_PROBLEM REQUIREMENTS_.
Please repeat every record below exactly as written, but leave out the pictures.

++++ DATASET CONTENT ++++

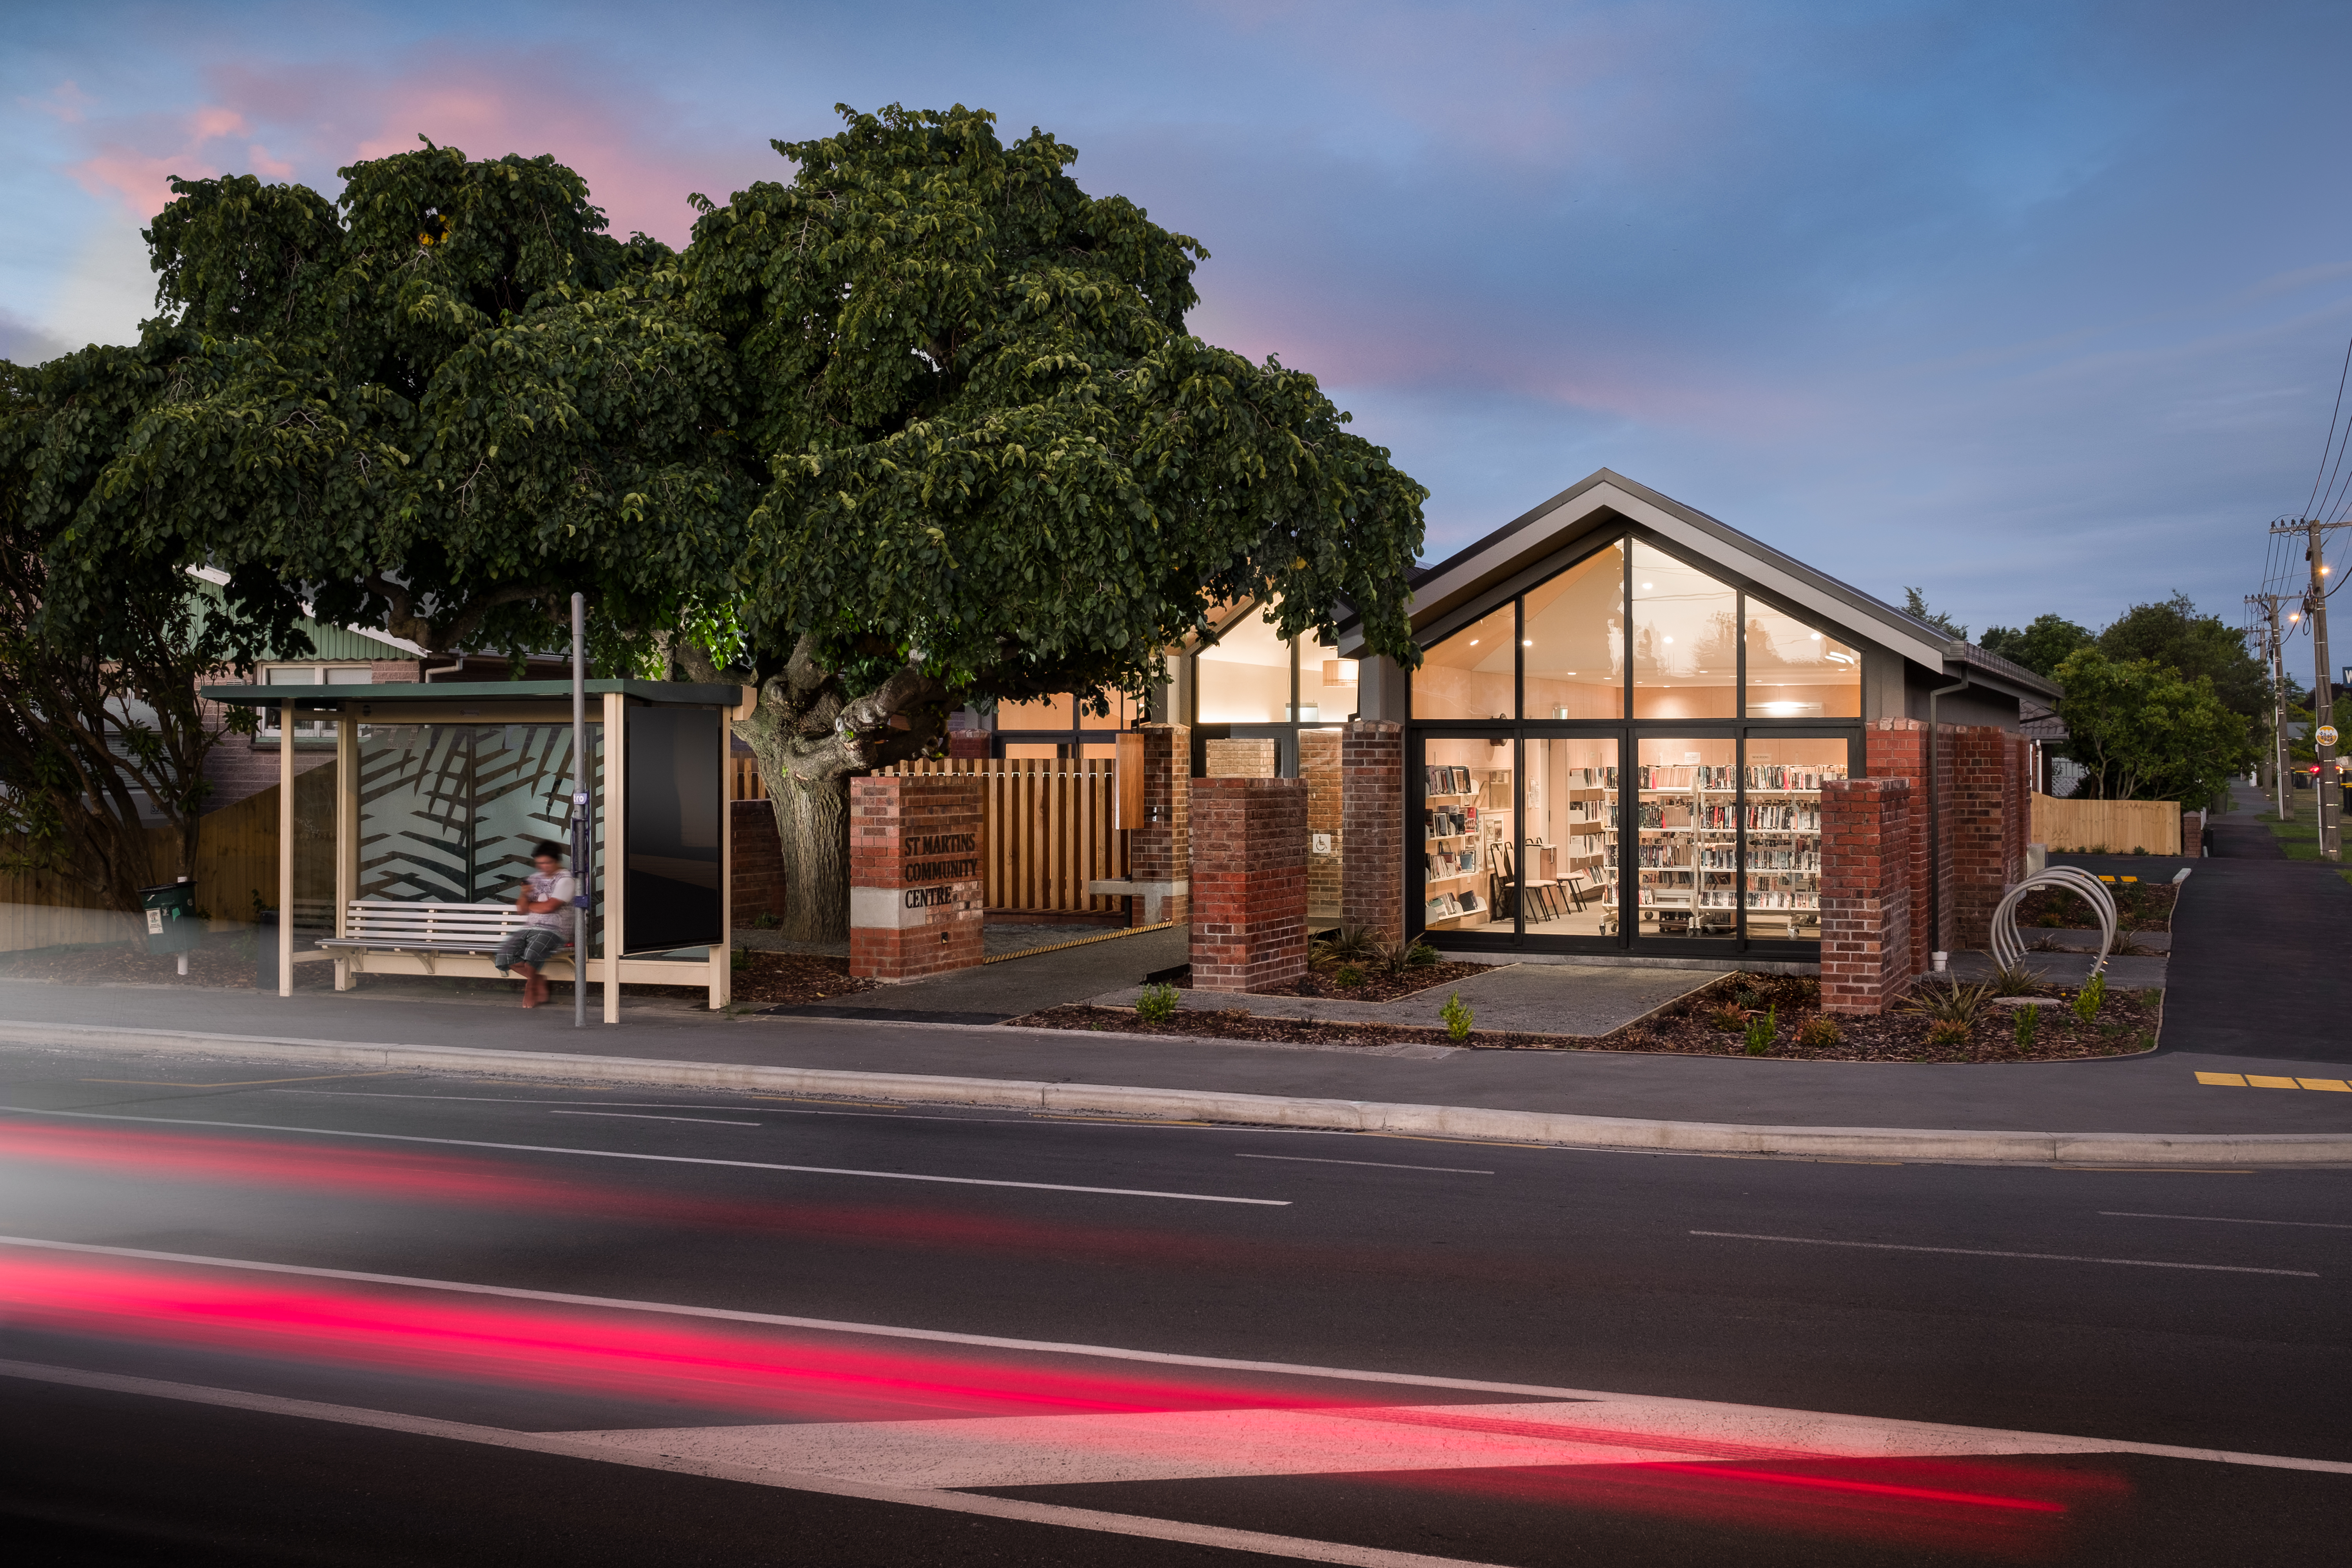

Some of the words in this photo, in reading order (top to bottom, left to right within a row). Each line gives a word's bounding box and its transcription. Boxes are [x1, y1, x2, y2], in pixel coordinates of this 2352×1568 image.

[905, 837, 920, 856] ST
[922, 833, 975, 855] MARTINS
[905, 858, 978, 882] COMMUNITY
[905, 886, 952, 909] CENTRE

++++

_TASK SOLUTION_.
Some of the words in this photo, in reading order (top to bottom, left to right within a row). Each line gives a word's bounding box and its transcription. Boxes are [x1, y1, x2, y2], in pixel coordinates of this 2352×1568 image.

[905, 837, 920, 856] ST
[922, 833, 975, 855] MARTINS
[905, 858, 978, 882] COMMUNITY
[905, 886, 952, 909] CENTRE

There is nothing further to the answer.